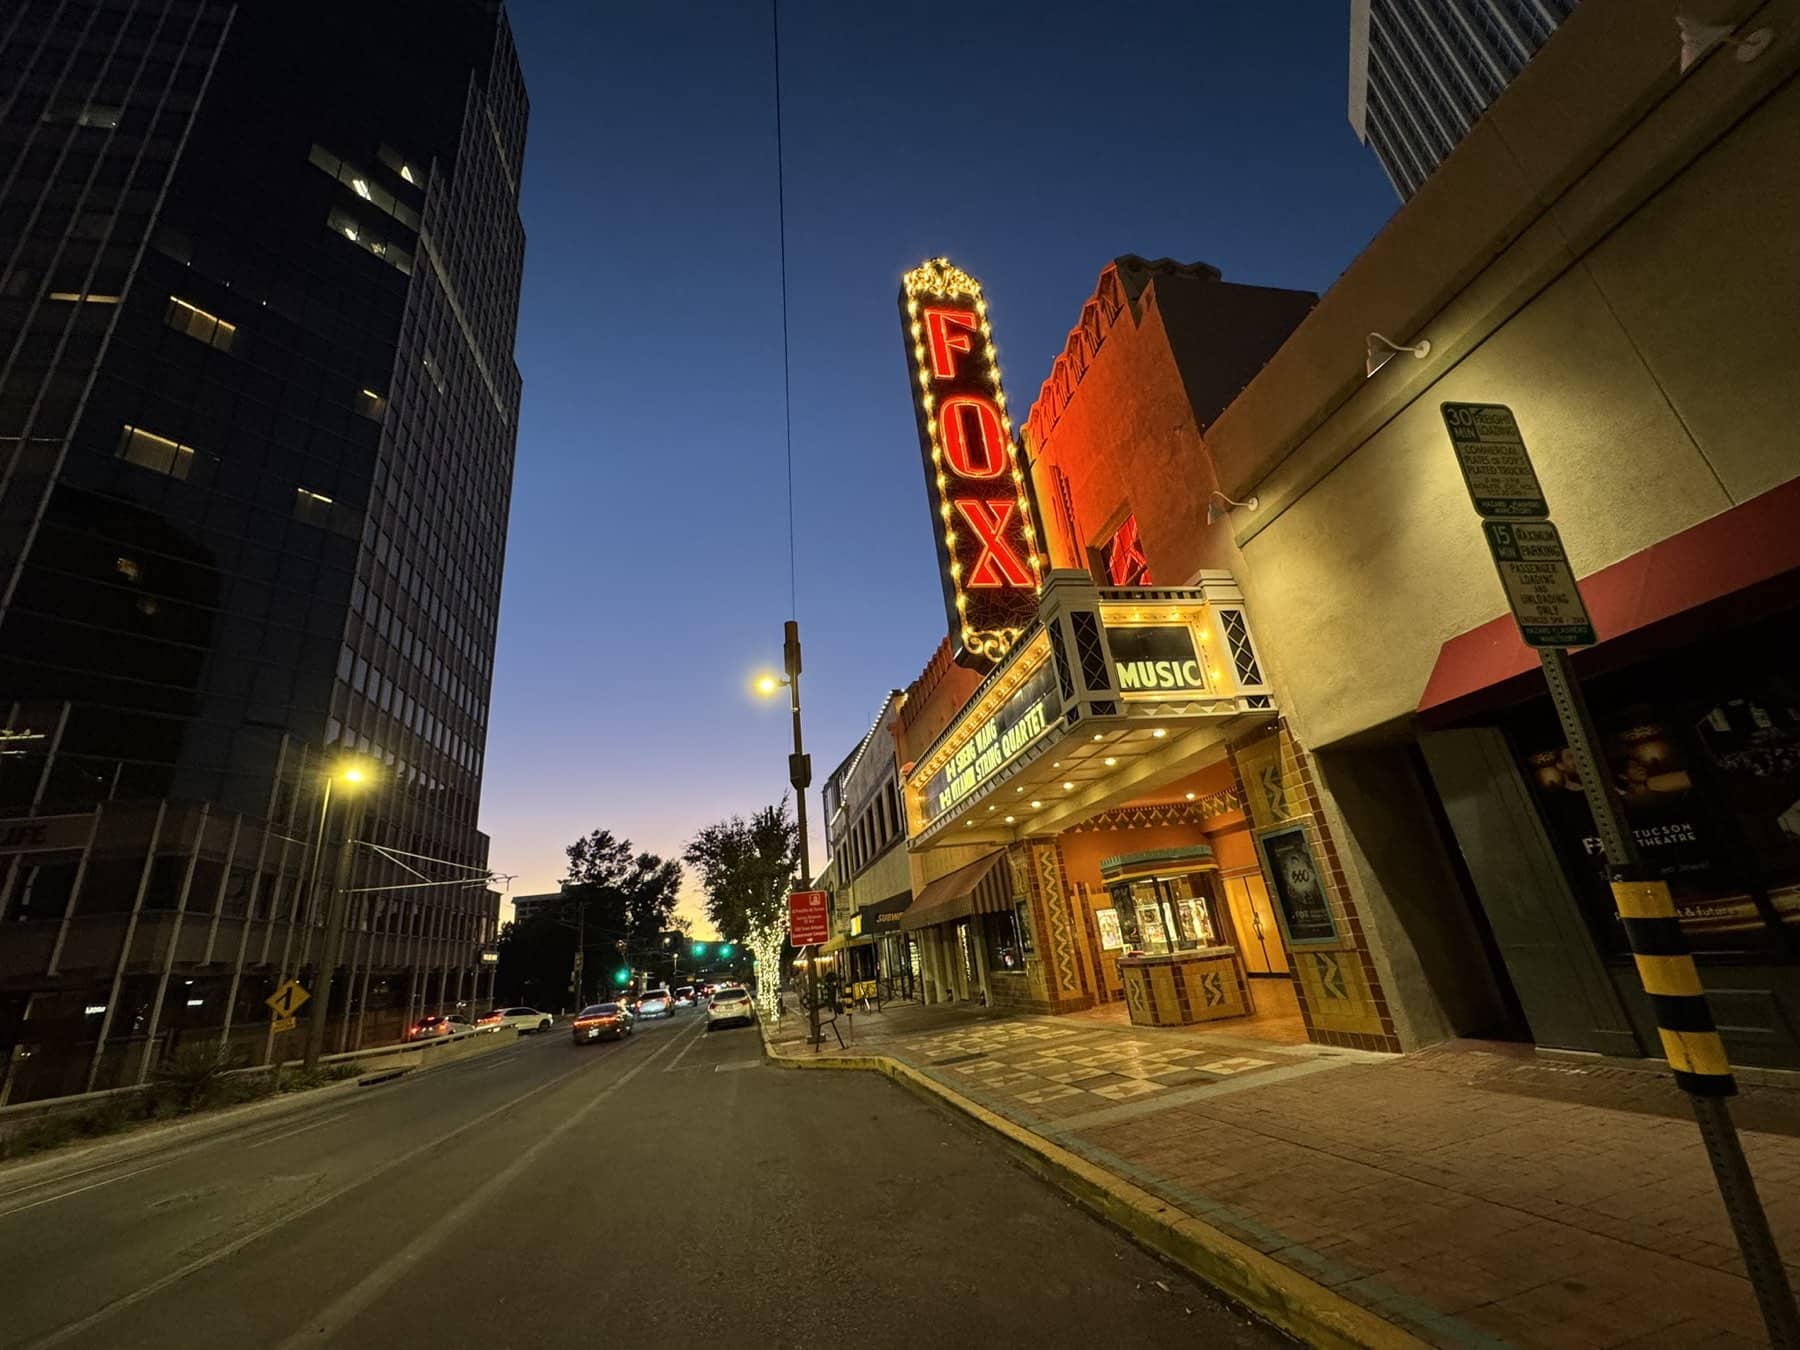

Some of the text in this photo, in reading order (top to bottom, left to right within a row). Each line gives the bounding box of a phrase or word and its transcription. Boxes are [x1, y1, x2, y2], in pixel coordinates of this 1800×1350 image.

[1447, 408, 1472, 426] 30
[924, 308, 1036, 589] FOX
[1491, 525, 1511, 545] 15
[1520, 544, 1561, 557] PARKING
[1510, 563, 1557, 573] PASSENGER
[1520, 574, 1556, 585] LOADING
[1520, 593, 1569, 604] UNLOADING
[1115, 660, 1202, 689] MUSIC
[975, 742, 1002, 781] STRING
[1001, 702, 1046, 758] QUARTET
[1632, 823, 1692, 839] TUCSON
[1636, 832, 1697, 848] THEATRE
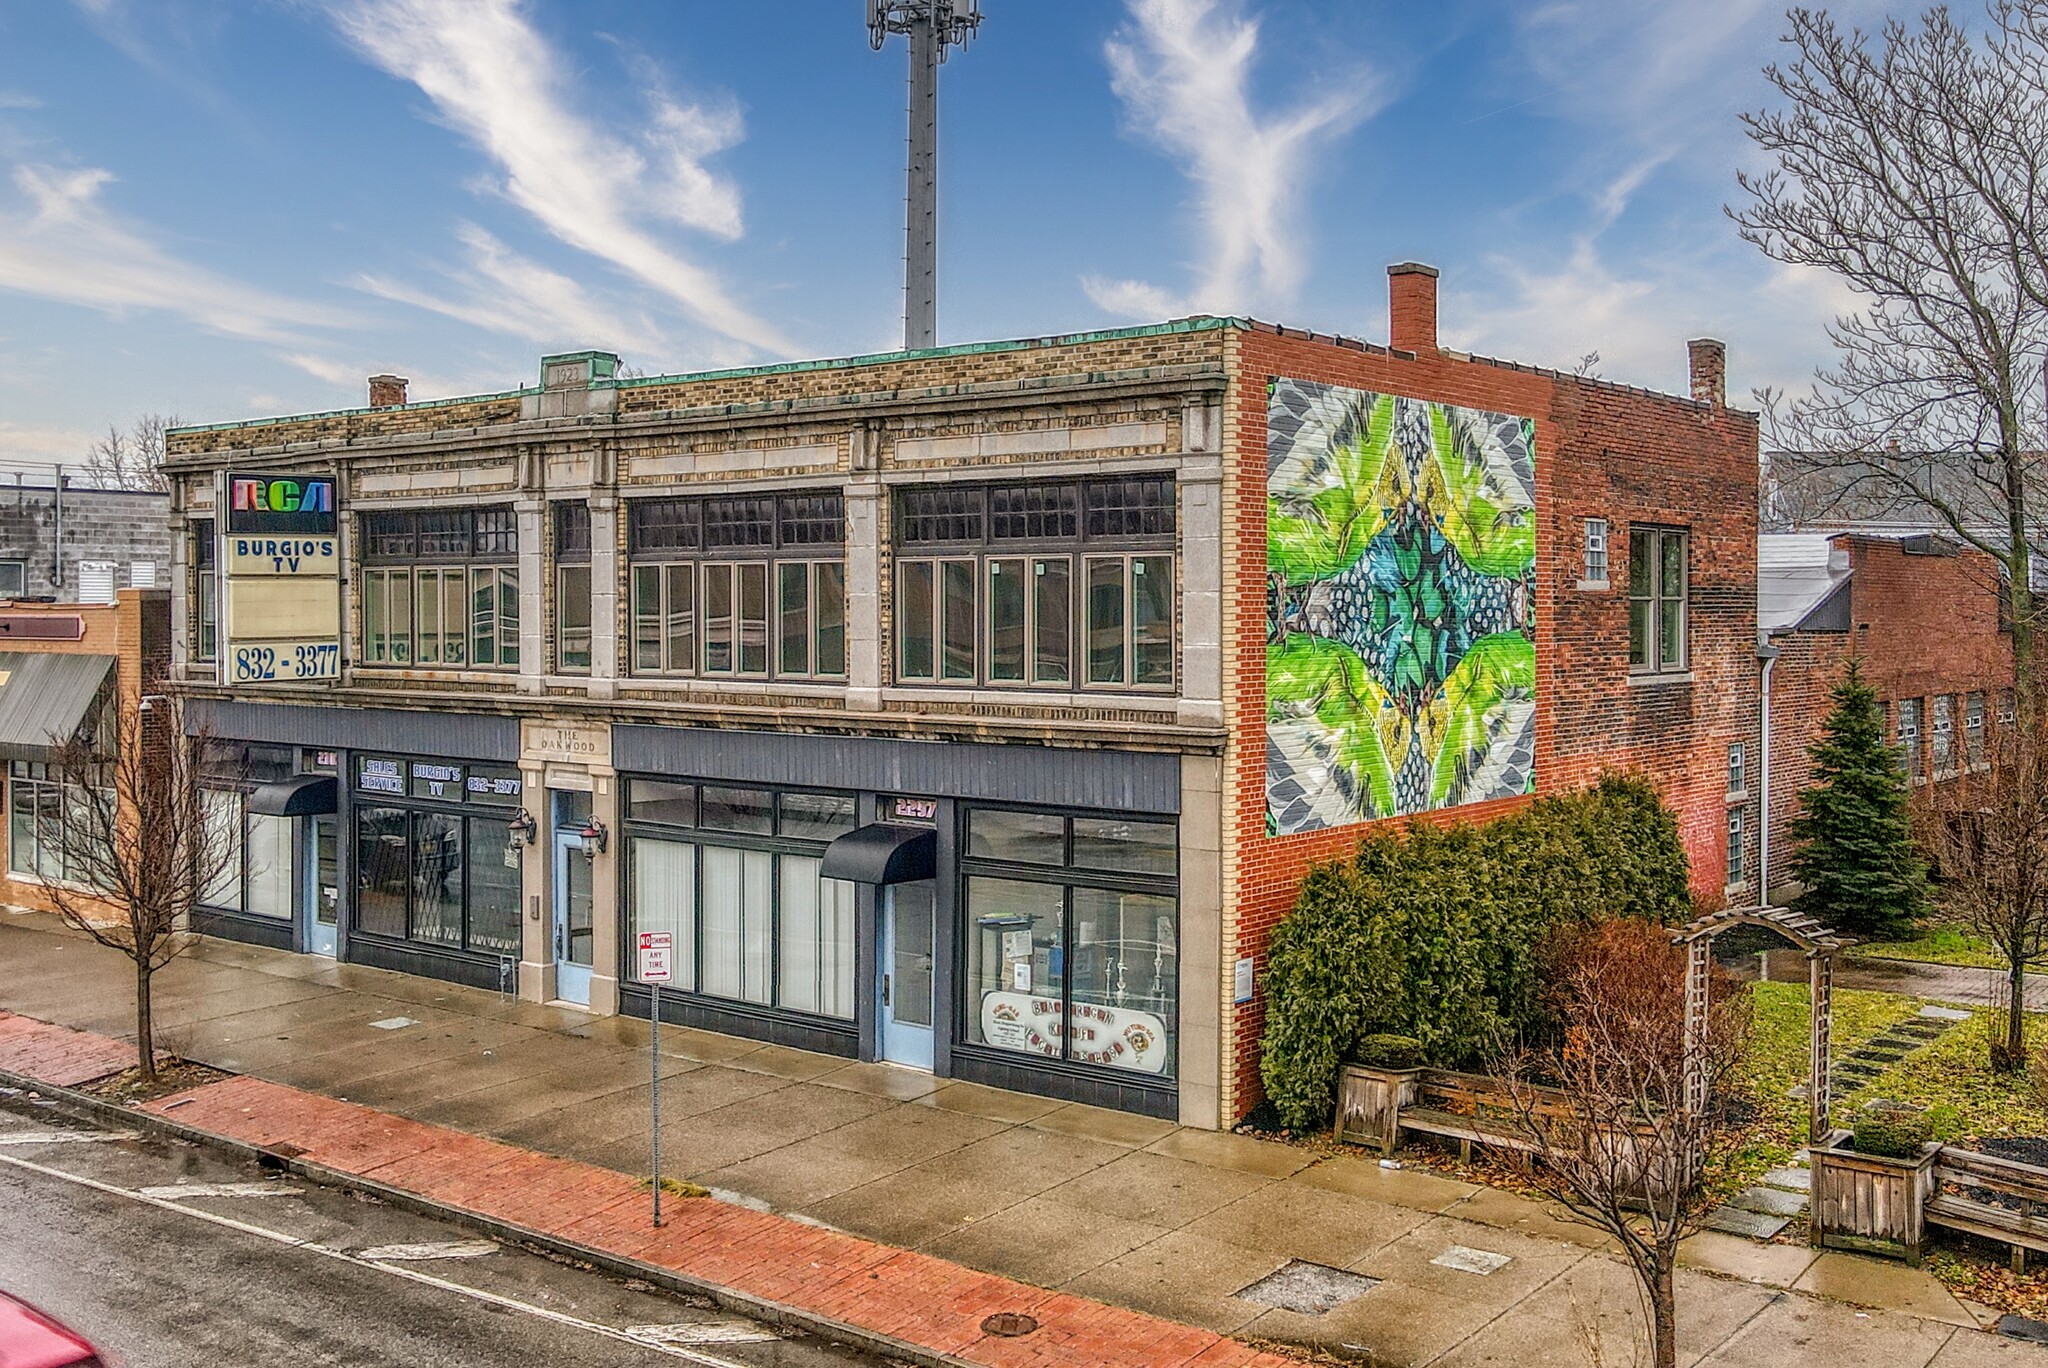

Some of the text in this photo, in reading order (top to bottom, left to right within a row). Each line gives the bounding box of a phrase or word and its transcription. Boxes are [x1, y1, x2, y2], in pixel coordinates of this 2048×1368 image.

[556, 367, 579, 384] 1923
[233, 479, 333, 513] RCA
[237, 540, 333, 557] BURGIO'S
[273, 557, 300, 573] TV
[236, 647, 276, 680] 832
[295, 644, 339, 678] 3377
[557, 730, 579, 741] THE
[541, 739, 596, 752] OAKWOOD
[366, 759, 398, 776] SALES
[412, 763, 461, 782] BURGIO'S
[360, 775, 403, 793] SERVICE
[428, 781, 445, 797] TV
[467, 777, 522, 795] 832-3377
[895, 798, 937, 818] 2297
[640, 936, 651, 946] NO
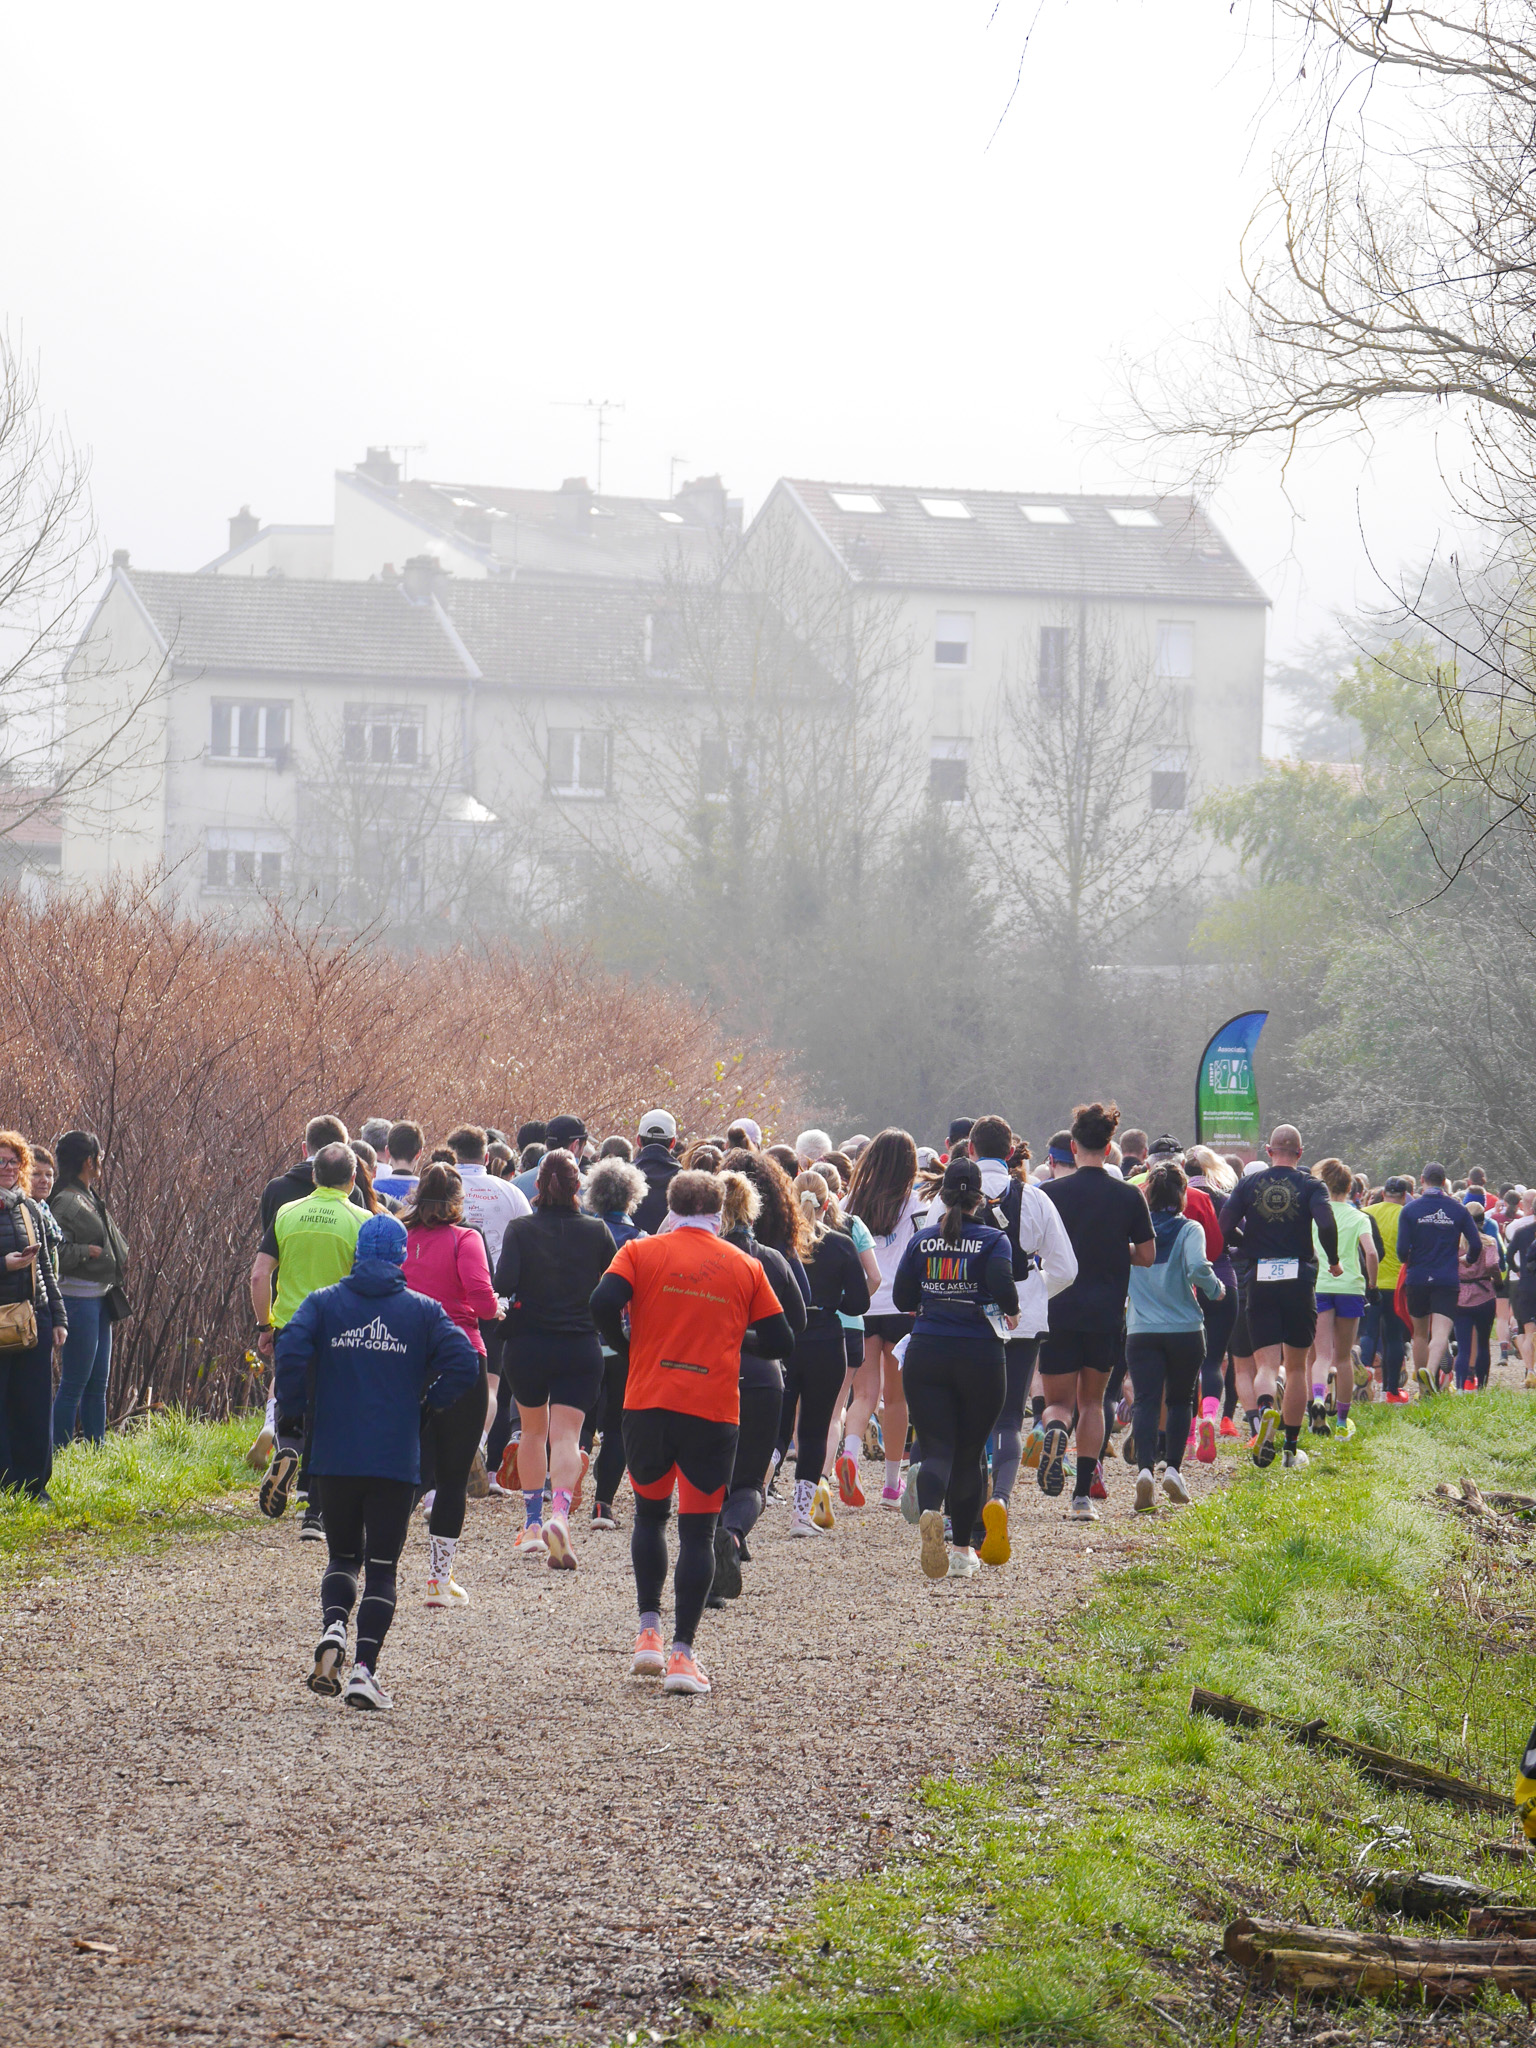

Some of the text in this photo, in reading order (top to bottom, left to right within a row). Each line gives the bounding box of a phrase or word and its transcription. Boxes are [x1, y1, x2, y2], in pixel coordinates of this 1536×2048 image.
◆ ◆ ◆ ◆
**What you are asked to do**
Reproduce the material above verbatim; omit every picture.

**Expected output**
Some of the text in this photo, in reading order (top to bottom, left to right within a row). Each line gives the bounding box of a phrase or word and its transcription. Boxes are [x1, y1, x2, y2], in pixel coordinates of this 1800×1350 image.

[1447, 408, 1472, 426] 30
[924, 308, 1036, 589] FOX
[1491, 525, 1511, 545] 15
[1520, 544, 1561, 557] PARKING
[1510, 563, 1557, 573] PASSENGER
[1520, 574, 1556, 585] LOADING
[1520, 593, 1569, 604] UNLOADING
[1115, 660, 1202, 689] MUSIC
[975, 742, 1002, 781] STRING
[1001, 702, 1046, 758] QUARTET
[1632, 823, 1692, 839] TUCSON
[1636, 832, 1697, 848] THEATRE

Some of the text in this photo, in reading order (top to bottom, left to right within a row). Each line gives the bounding box of a phrase or word and its transcription. Boxes are [x1, y1, x2, y2], in pixel coordinates of this 2048×1368 image.

[556, 367, 579, 384] 1923
[233, 479, 333, 513] RCA
[237, 540, 333, 557] BURGIO'S
[273, 557, 300, 573] TV
[236, 647, 276, 680] 832
[295, 644, 339, 678] 3377
[557, 730, 579, 741] THE
[541, 739, 596, 752] OAKWOOD
[366, 759, 398, 776] SALES
[412, 763, 461, 782] BURGIO'S
[360, 775, 403, 793] SERVICE
[428, 781, 445, 797] TV
[467, 777, 522, 795] 832-3377
[895, 798, 937, 818] 2297
[640, 936, 651, 946] NO

Some of the text in this photo, in reading order (top to bottom, left to right within a row). Each line gives the bounding box of a phrase or word and its transcription. Boxes are [x1, y1, x2, y2], in pixel coordinates of this 1536×2048 image.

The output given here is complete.